Please set out each line below exactly as it stands, without the images.

───── Extracted information ─────

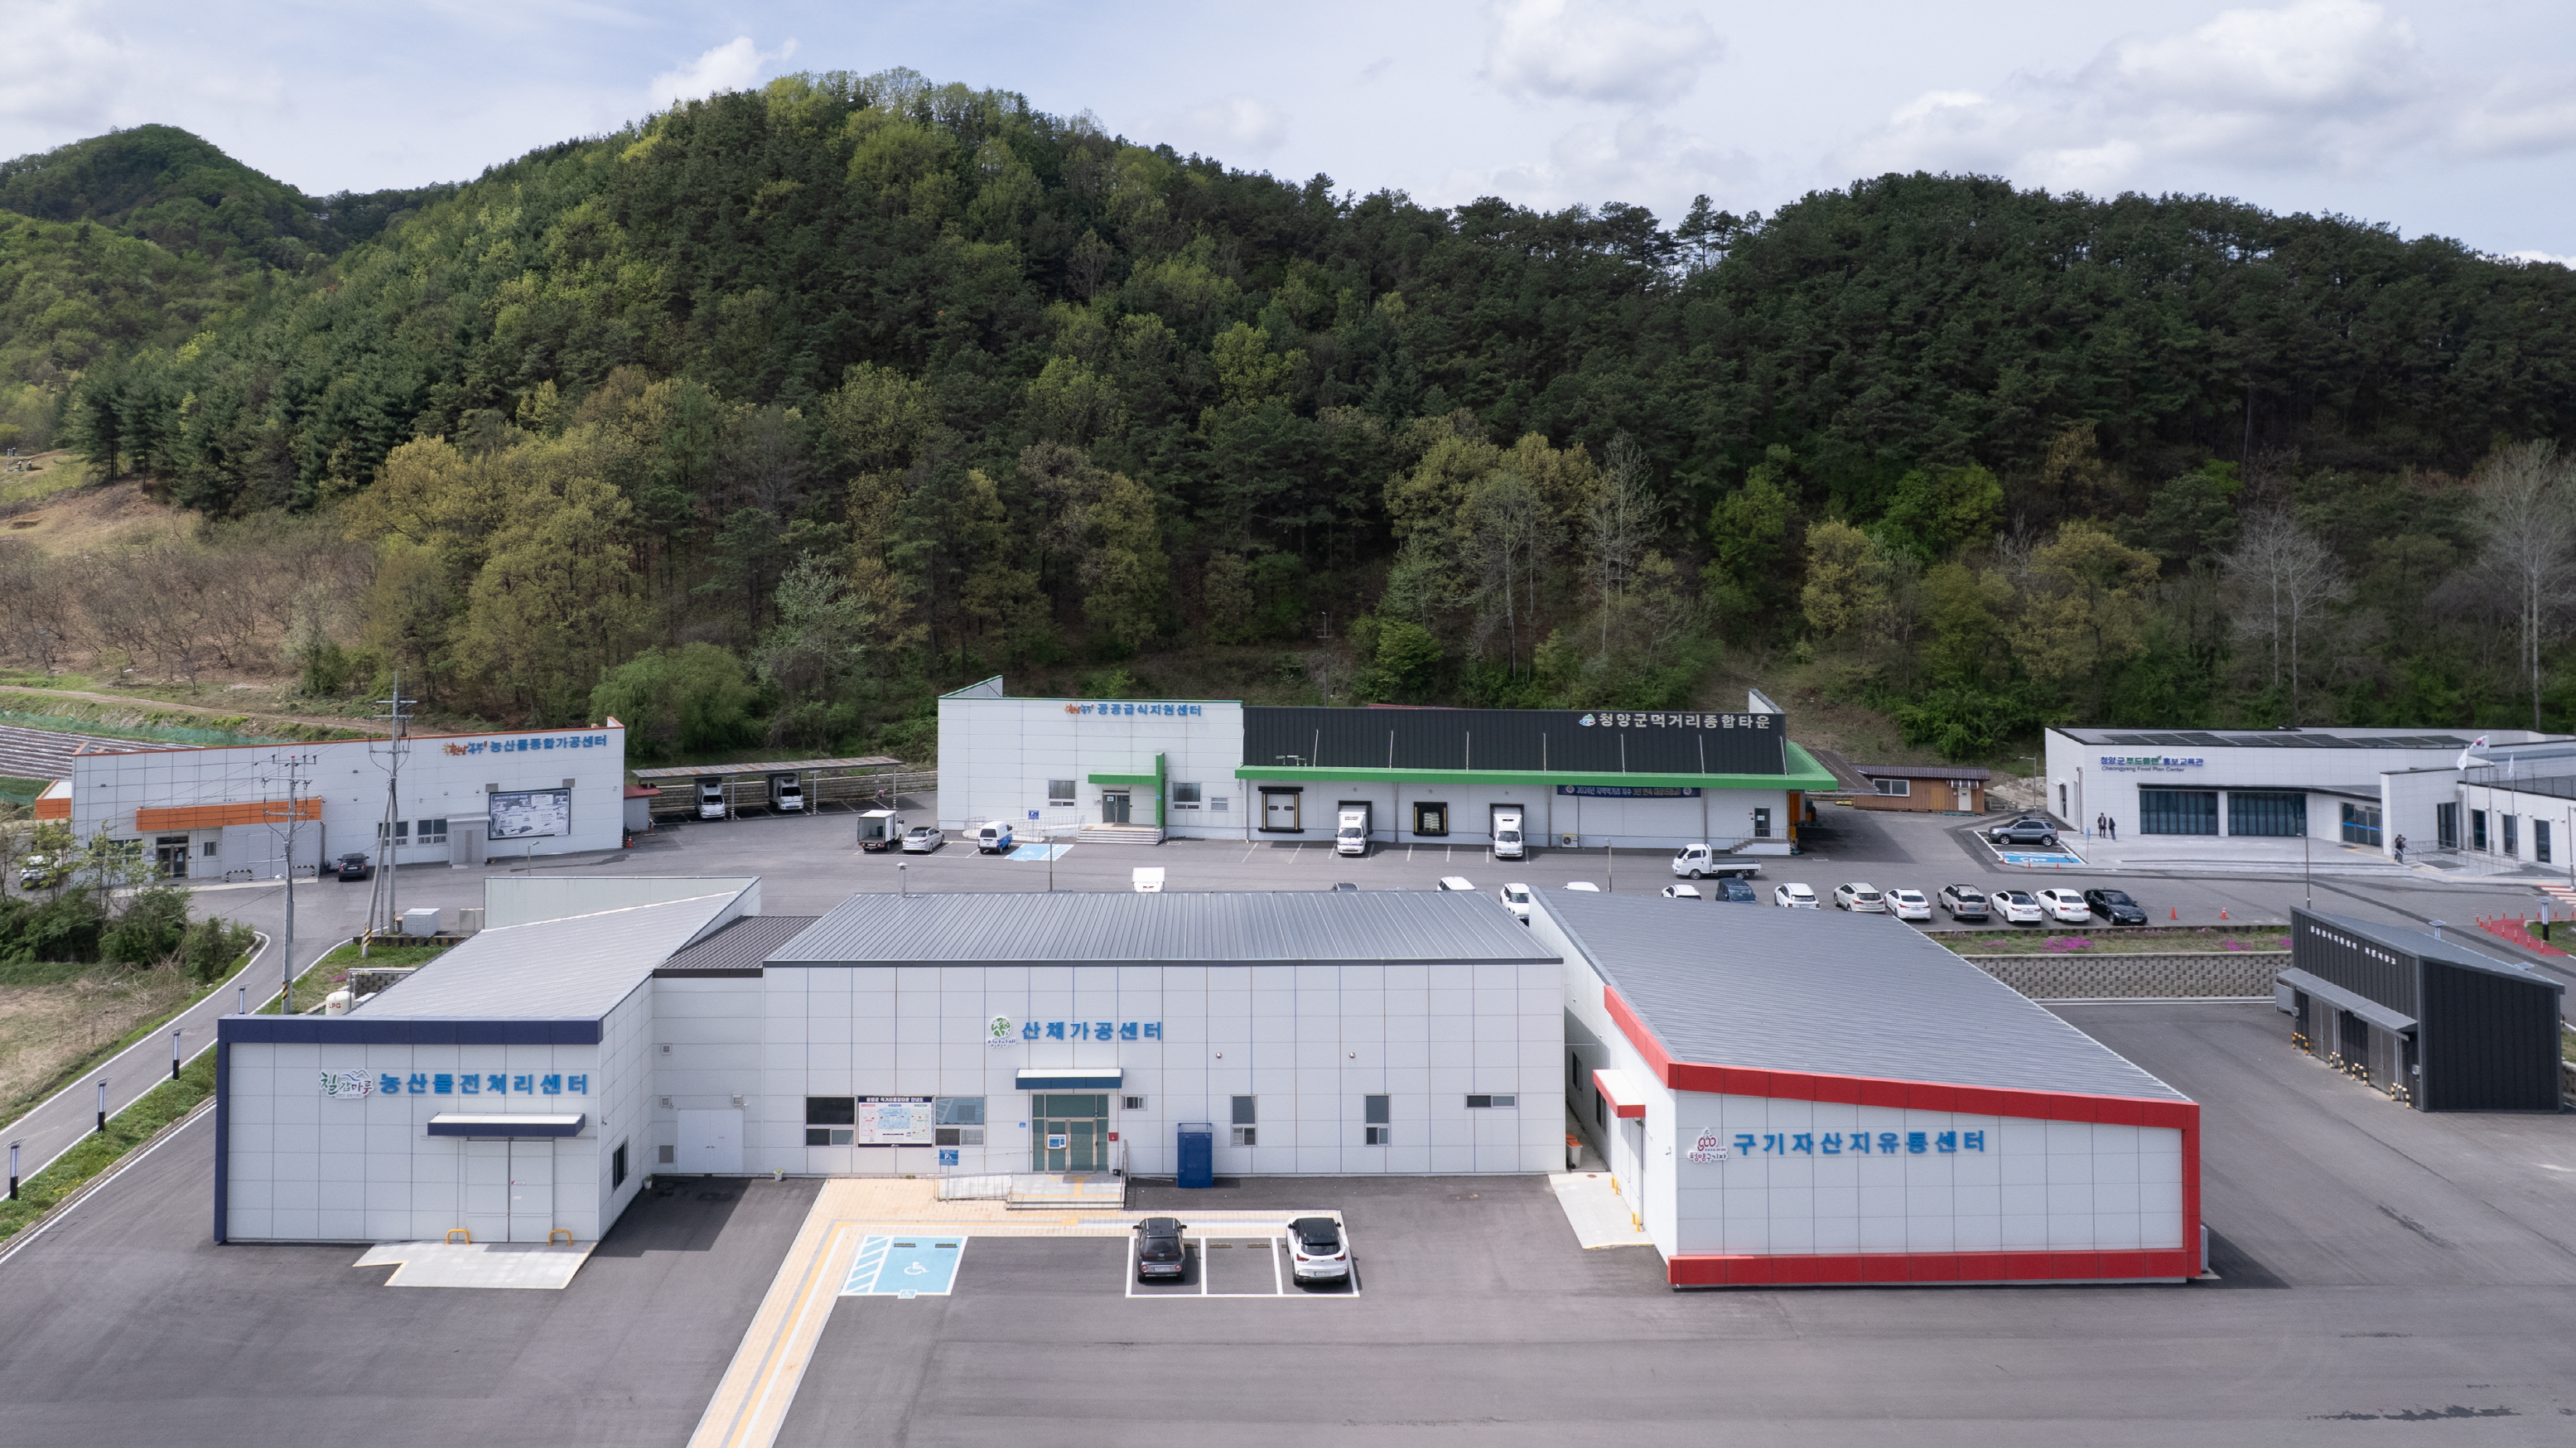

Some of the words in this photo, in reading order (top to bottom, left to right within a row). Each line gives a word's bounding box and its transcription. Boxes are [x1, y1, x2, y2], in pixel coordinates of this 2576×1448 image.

[1097, 703, 1201, 717] 공공급식지원센터
[1599, 713, 1770, 729] 청양군먹거리종합타운
[490, 735, 607, 753] 농산물종합가공센터
[1022, 1021, 1162, 1040] 산채가공센터
[321, 1072, 374, 1094] 칠갑마루
[379, 1073, 588, 1095] 농산물전처리센터
[1734, 1130, 1985, 1156] 구기자산지유통센터
[1690, 1152, 1727, 1162] 청양구기자

─────

(Result for this task)
Some of the words in this photo, in reading order (top to bottom, left to right within a row). Each line gives a word's bounding box and its transcription. Boxes are [x1, y1, x2, y2], in pixel coordinates of this 2576×1448 image.

[1097, 703, 1201, 717] 공공급식지원센터
[1599, 713, 1770, 729] 청양군먹거리종합타운
[490, 735, 607, 753] 농산물종합가공센터
[1022, 1021, 1162, 1040] 산채가공센터
[321, 1072, 374, 1094] 칠갑마루
[379, 1073, 588, 1095] 농산물전처리센터
[1734, 1130, 1985, 1156] 구기자산지유통센터
[1690, 1152, 1727, 1162] 청양구기자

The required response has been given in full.